Action item - Pictures are to be dropped. Everything else in the listing gets copied exactly.

Exercise data -
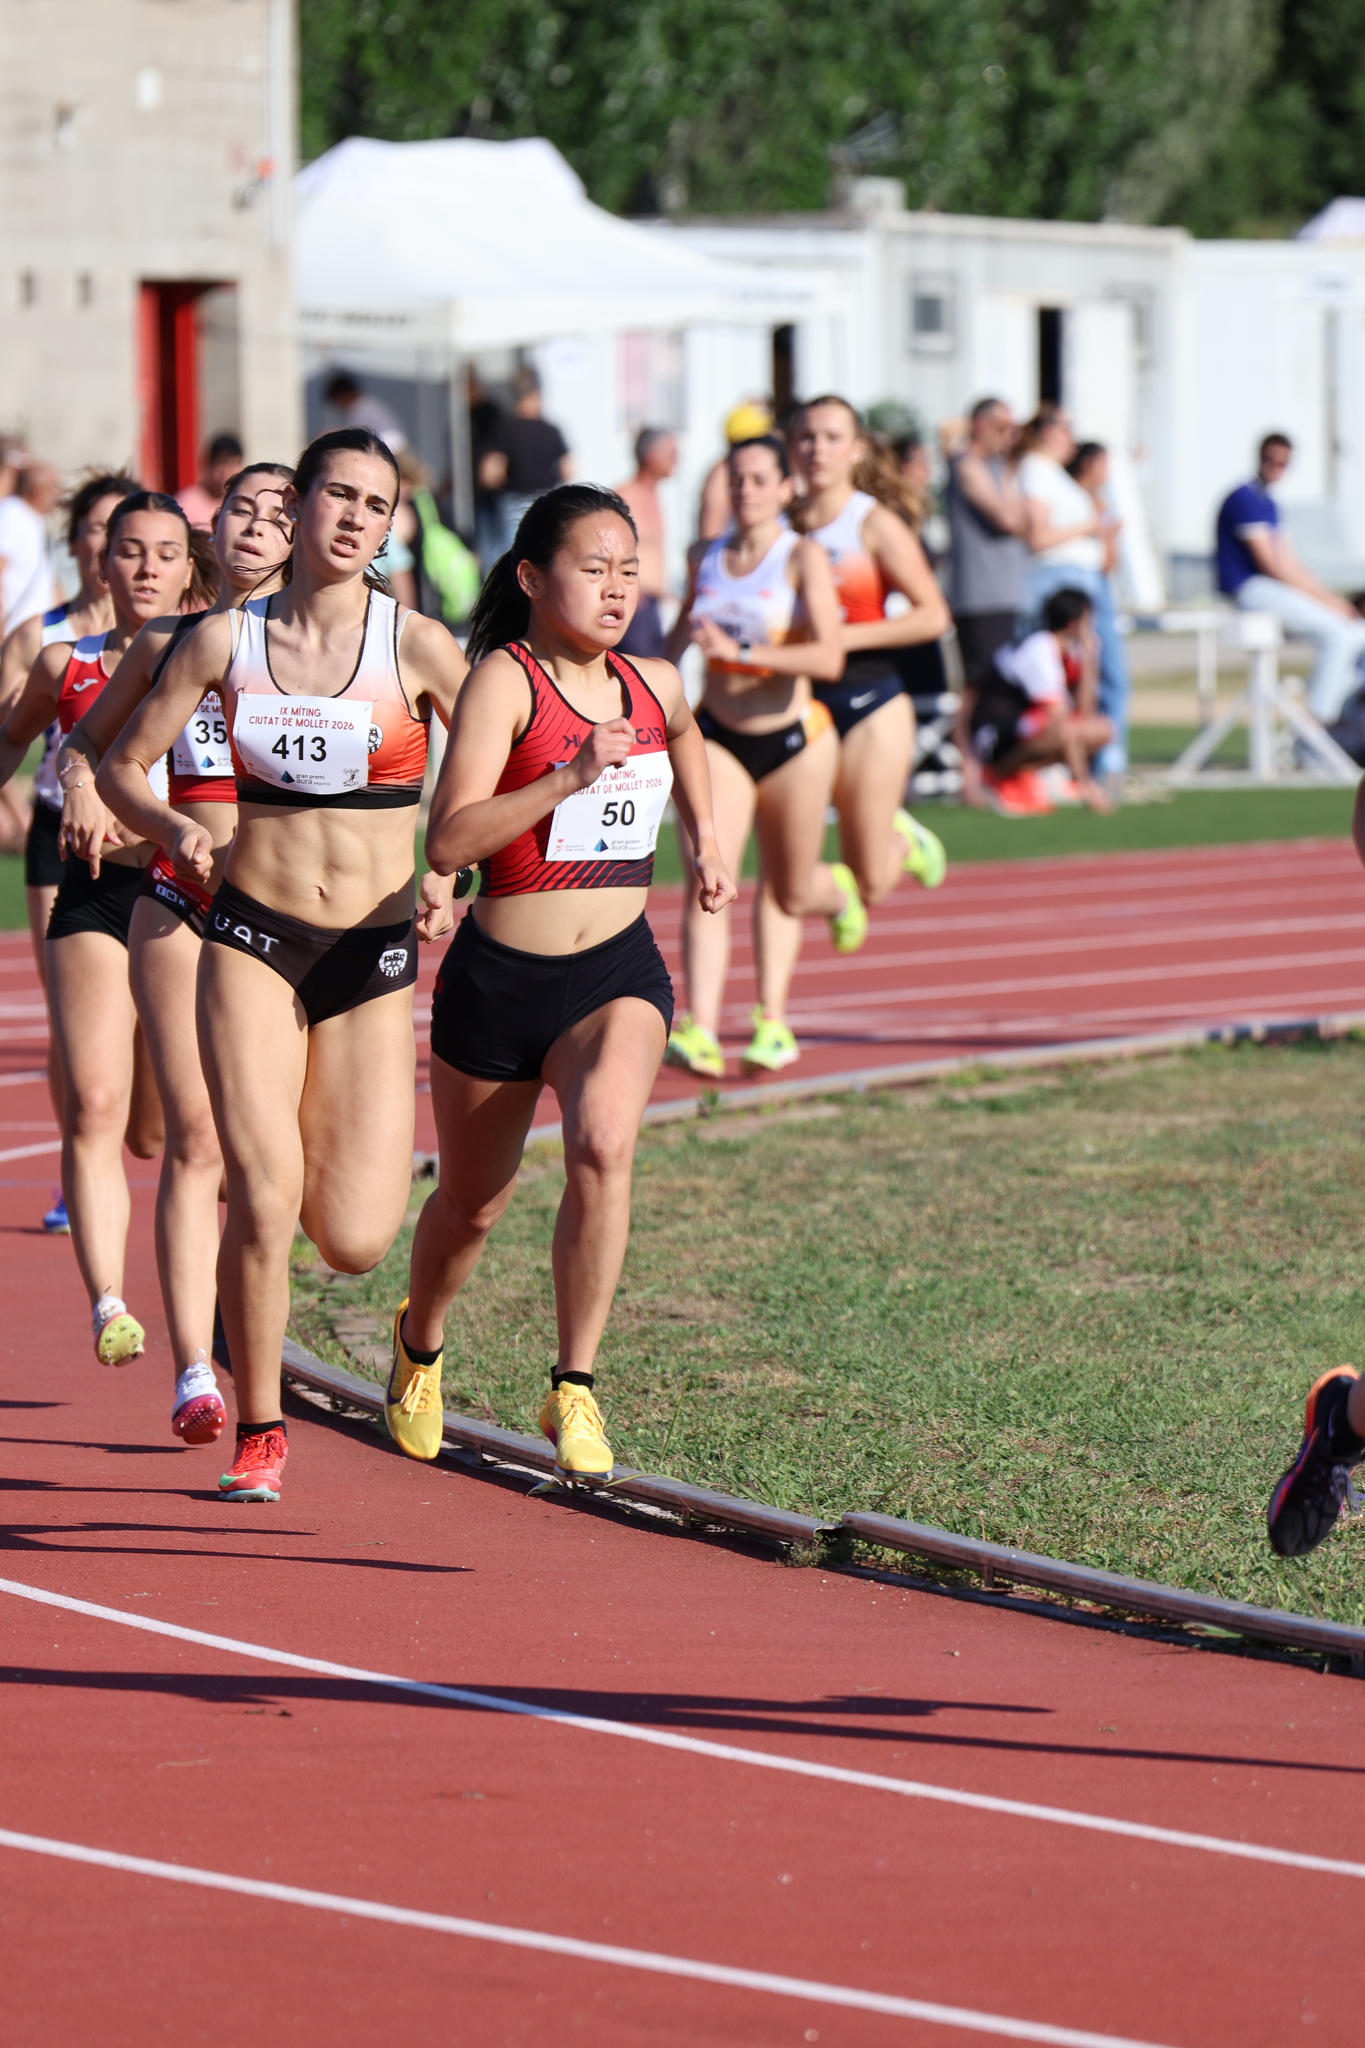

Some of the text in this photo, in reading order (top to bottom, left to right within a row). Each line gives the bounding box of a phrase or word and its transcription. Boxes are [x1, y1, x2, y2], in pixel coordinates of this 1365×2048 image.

[280, 706, 288, 715] IX
[249, 716, 354, 731] CIUTAT DE MOLLET 2026
[272, 734, 327, 762] 413
[601, 773, 607, 782] IX
[604, 784, 613, 793] DE
[615, 780, 643, 792] MOLLET
[646, 777, 662, 789] 2026
[601, 800, 635, 827] 50
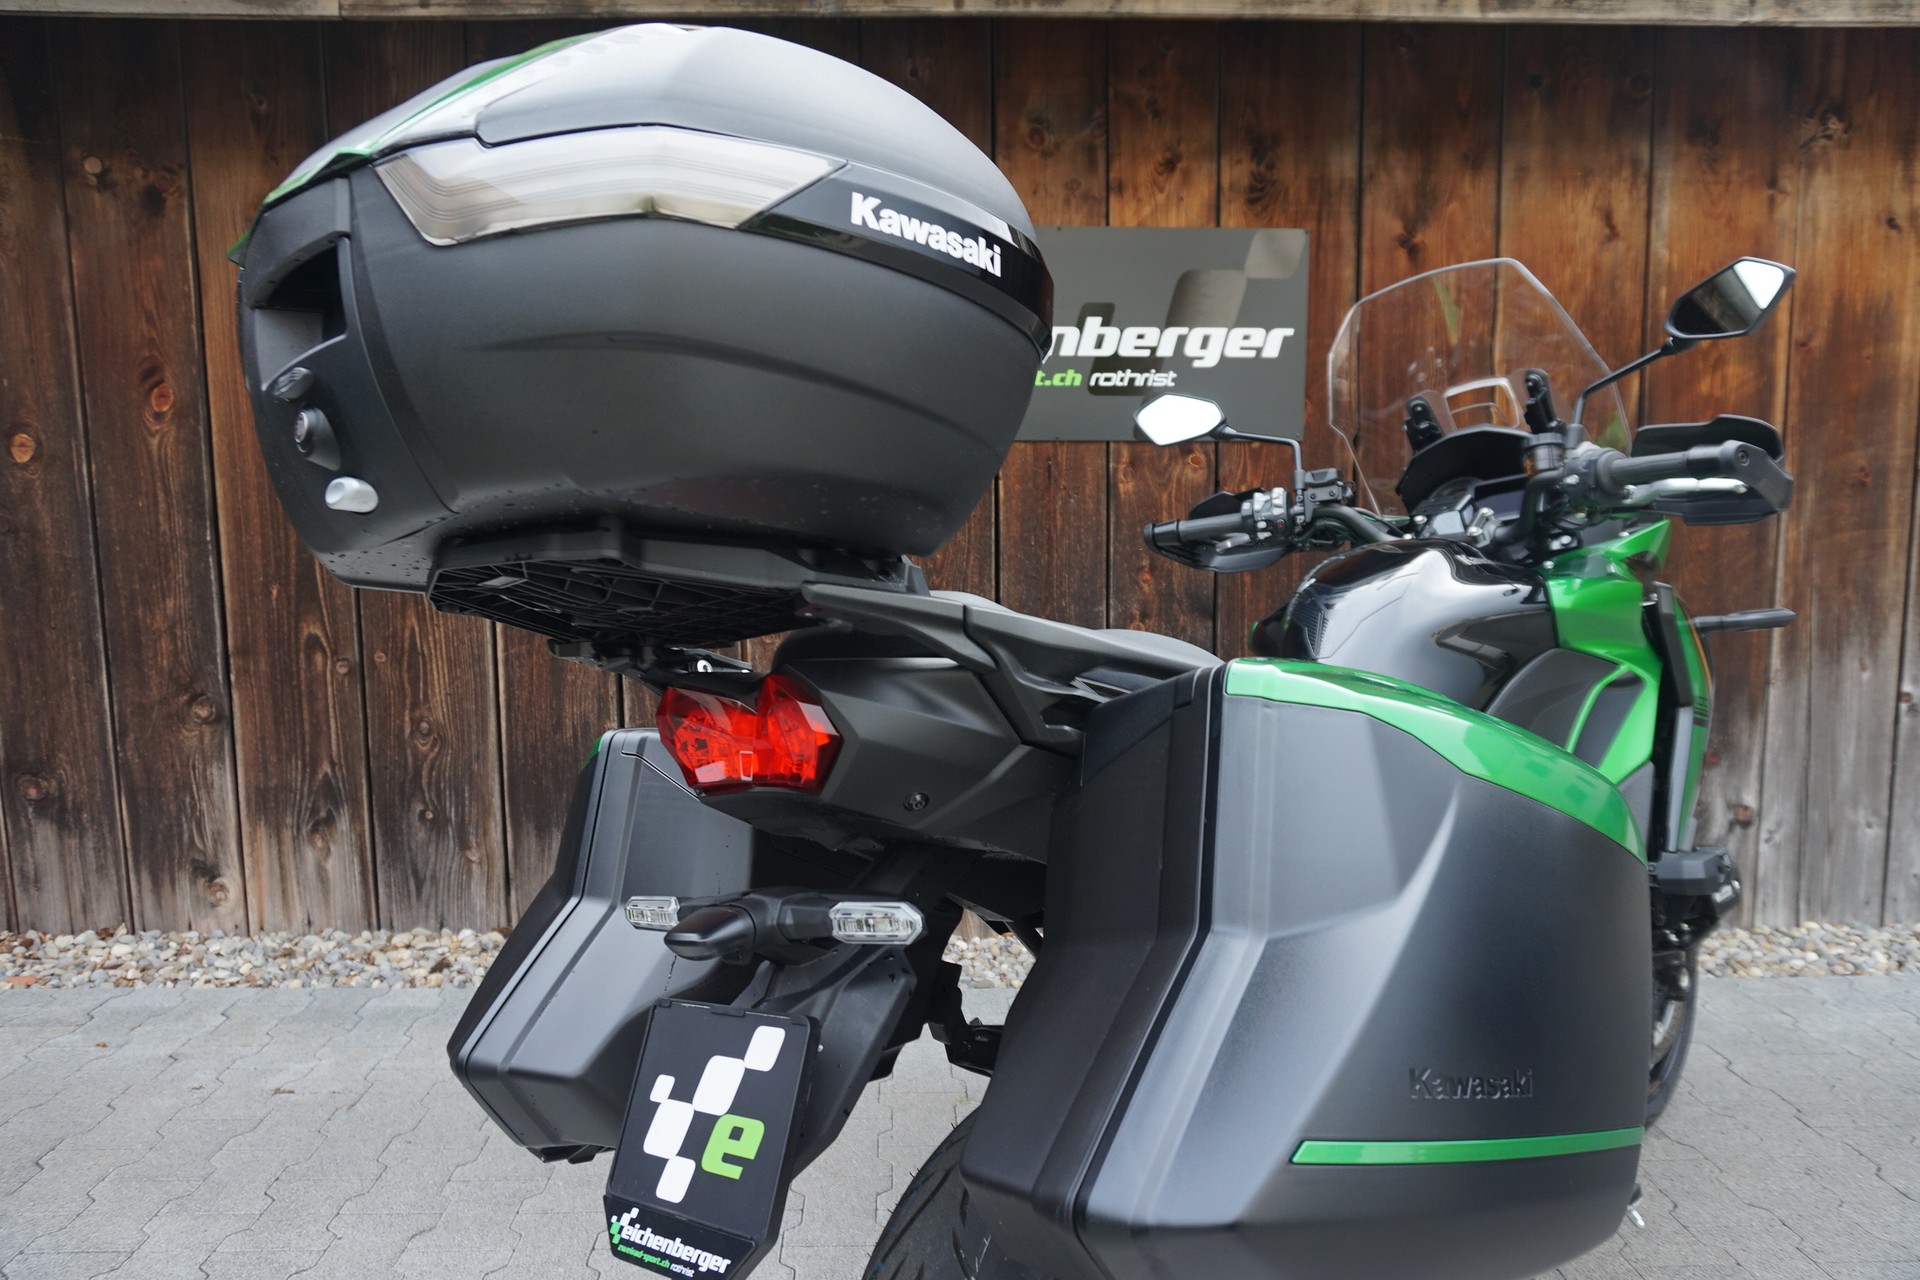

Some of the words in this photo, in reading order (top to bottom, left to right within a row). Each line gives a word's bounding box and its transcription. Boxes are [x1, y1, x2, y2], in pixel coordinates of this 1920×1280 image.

Solved problem -
Some of the text in this photo, in reading order (top to bottom, left to right within a row). Each line gives the bounding box of a phrase or word and its transcription. Boxes are [x1, y1, x2, y2], in pixel coordinates of this 1365×2048 image.

[280, 706, 288, 715] IX
[249, 716, 354, 731] CIUTAT DE MOLLET 2026
[272, 734, 327, 762] 413
[601, 773, 607, 782] IX
[604, 784, 613, 793] DE
[615, 780, 643, 792] MOLLET
[646, 777, 662, 789] 2026
[601, 800, 635, 827] 50

Some of the words in this photo, in reading order (top to bottom, left to right within a row). Each line gives a word's bounding box and its transcription. Boxes are [x1, y1, x2, y2], in pixel coordinates of this 1920×1280 image.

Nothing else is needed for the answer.